_Given records_
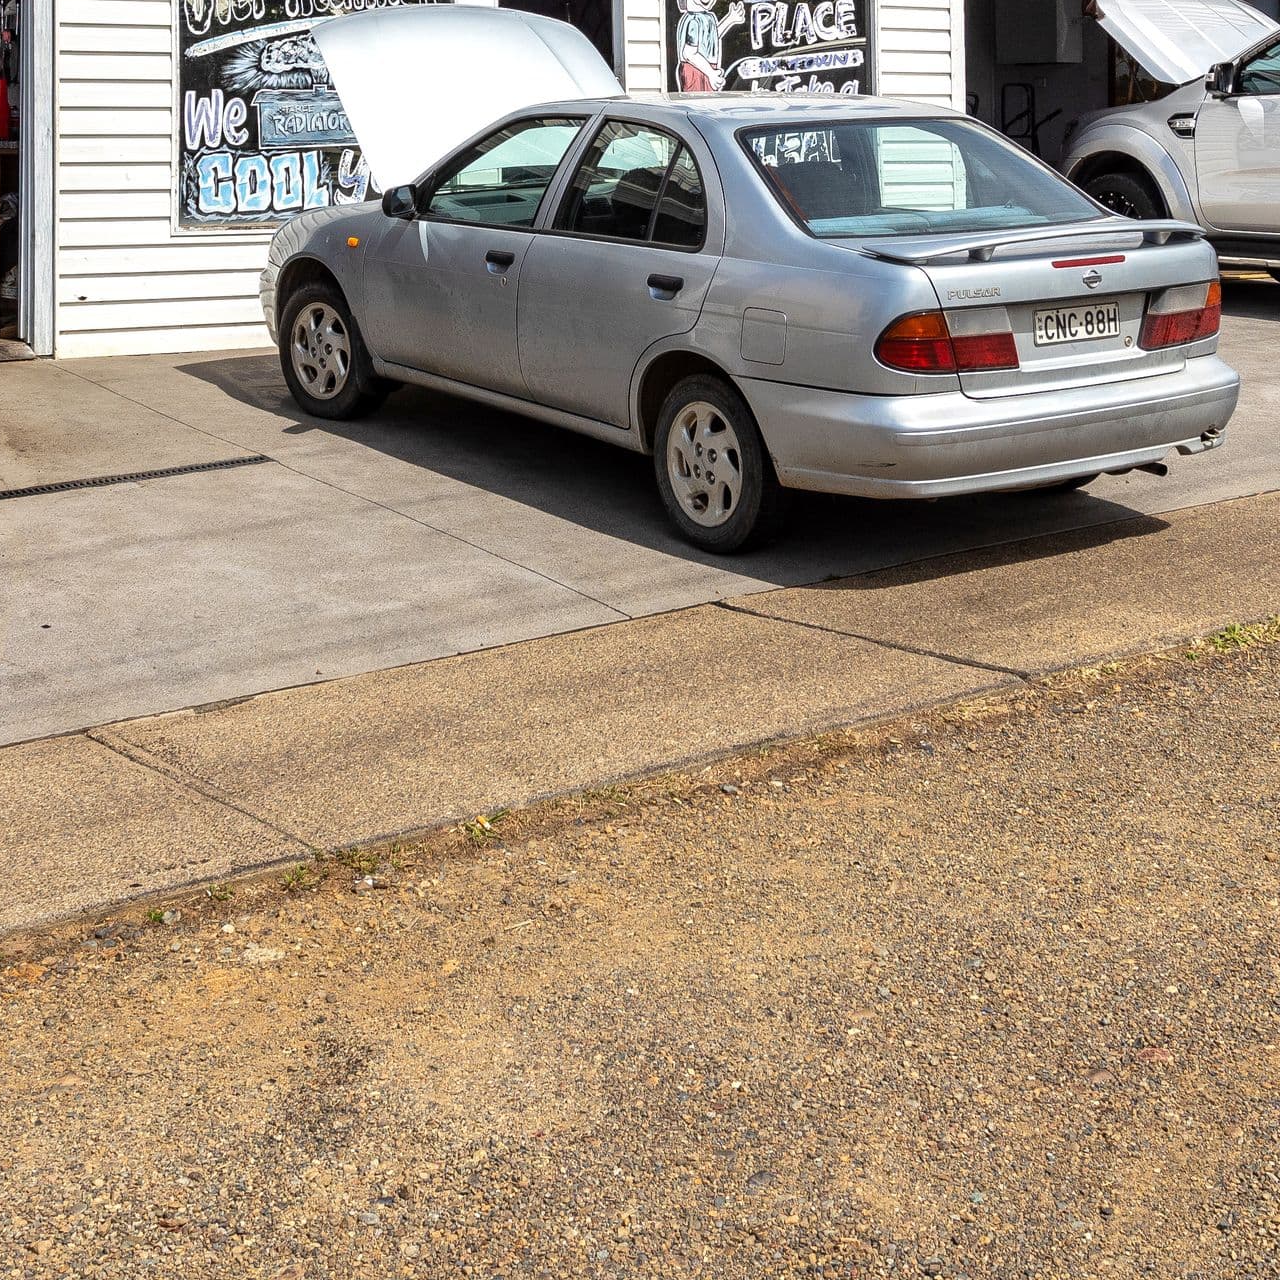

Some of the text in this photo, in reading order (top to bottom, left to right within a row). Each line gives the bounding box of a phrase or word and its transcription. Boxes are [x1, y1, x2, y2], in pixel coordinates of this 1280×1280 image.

[750, 0, 857, 50] PLACE
[184, 89, 249, 150] We
[272, 110, 352, 137] RADIATOR
[198, 151, 330, 213] COOL
[947, 287, 1001, 300] PULSAR
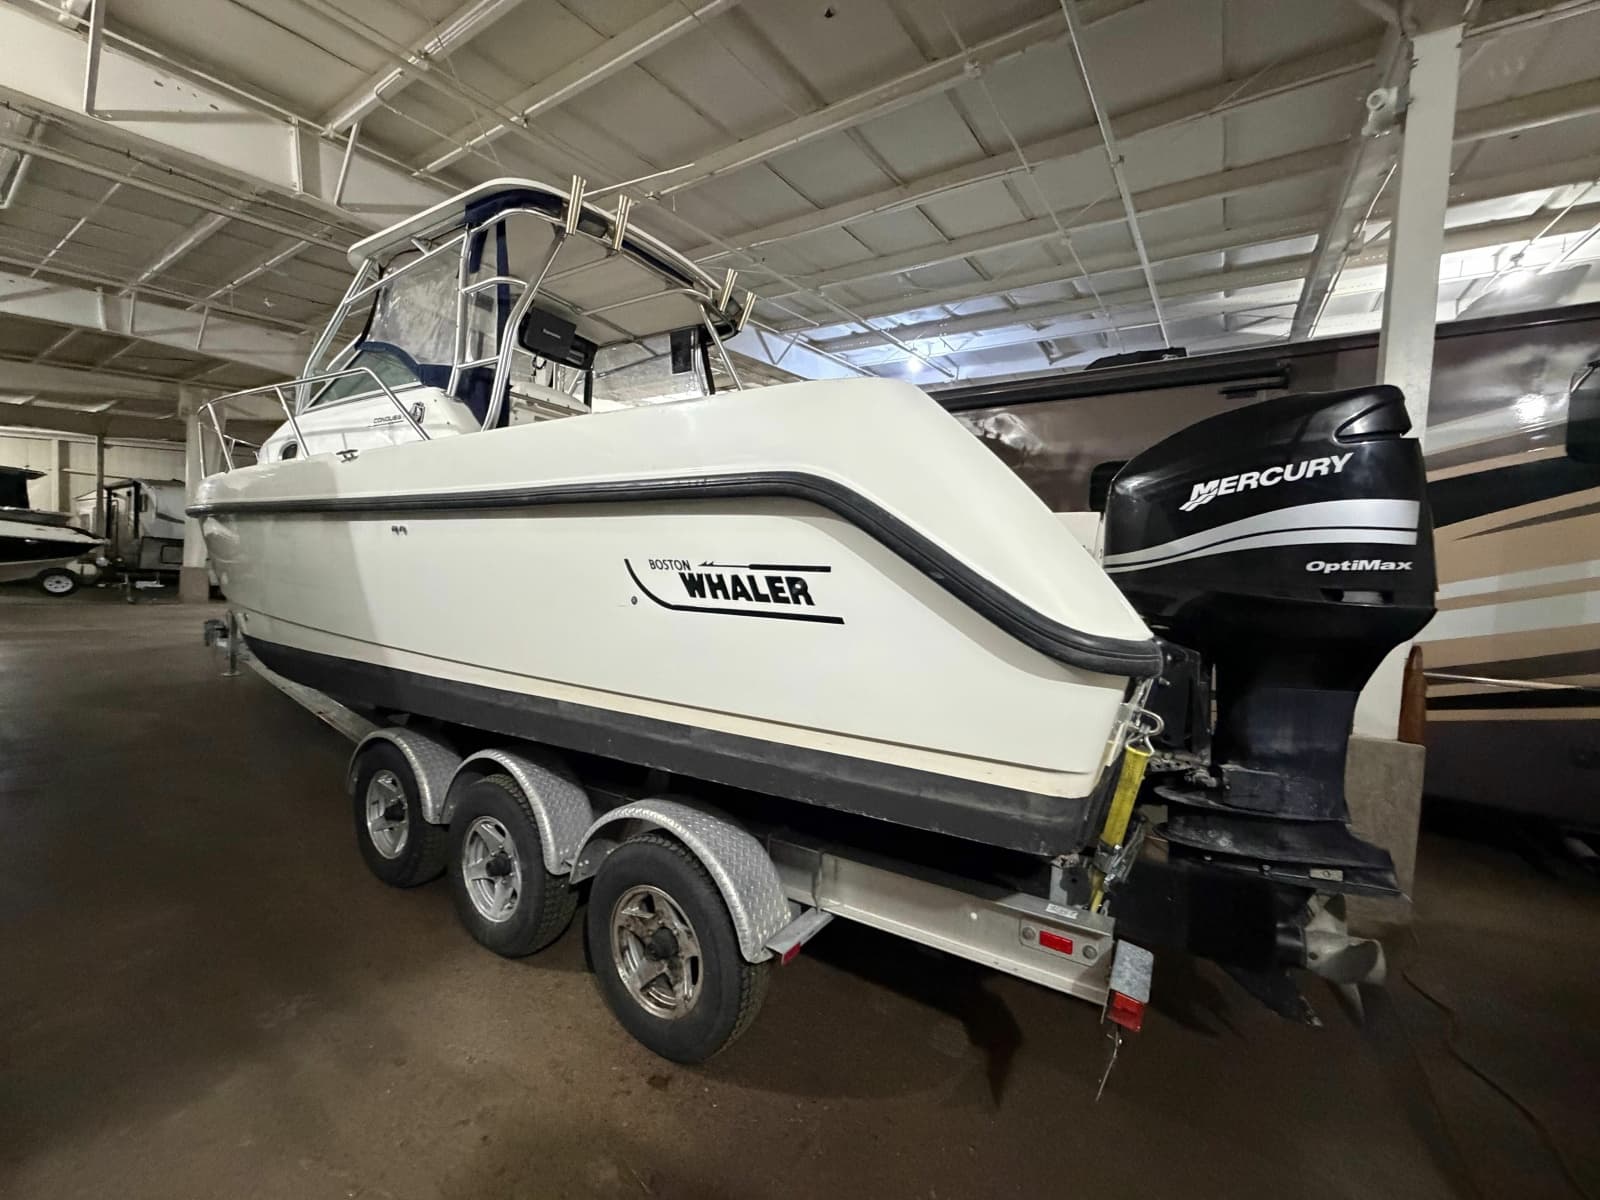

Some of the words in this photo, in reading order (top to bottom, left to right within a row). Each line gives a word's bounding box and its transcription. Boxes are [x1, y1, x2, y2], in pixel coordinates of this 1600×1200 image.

[1179, 453, 1354, 512] MERCURY
[649, 559, 692, 571] BOSTON
[1306, 559, 1413, 574] OptiMax
[679, 572, 815, 606] WHALER

_What you will do_
Restate the data above word for word, omitting every picture.

_Result for this exercise_
Some of the text in this photo, in reading order (top to bottom, left to right within a row). Each line gives the bounding box of a phrase or word and its transcription. Boxes are [x1, y1, x2, y2], in pixel coordinates of this 1280×1280 image.

[750, 0, 857, 50] PLACE
[184, 89, 249, 150] We
[272, 110, 352, 137] RADIATOR
[198, 151, 330, 213] COOL
[947, 287, 1001, 300] PULSAR

Some of the words in this photo, in reading order (top to bottom, left to right within a row). Each line gives a word's bounding box and its transcription. Boxes are [x1, y1, x2, y2], in pixel coordinates of this 1600×1200 image.

[1179, 453, 1354, 512] MERCURY
[649, 559, 692, 571] BOSTON
[1306, 559, 1413, 574] OptiMax
[679, 572, 815, 606] WHALER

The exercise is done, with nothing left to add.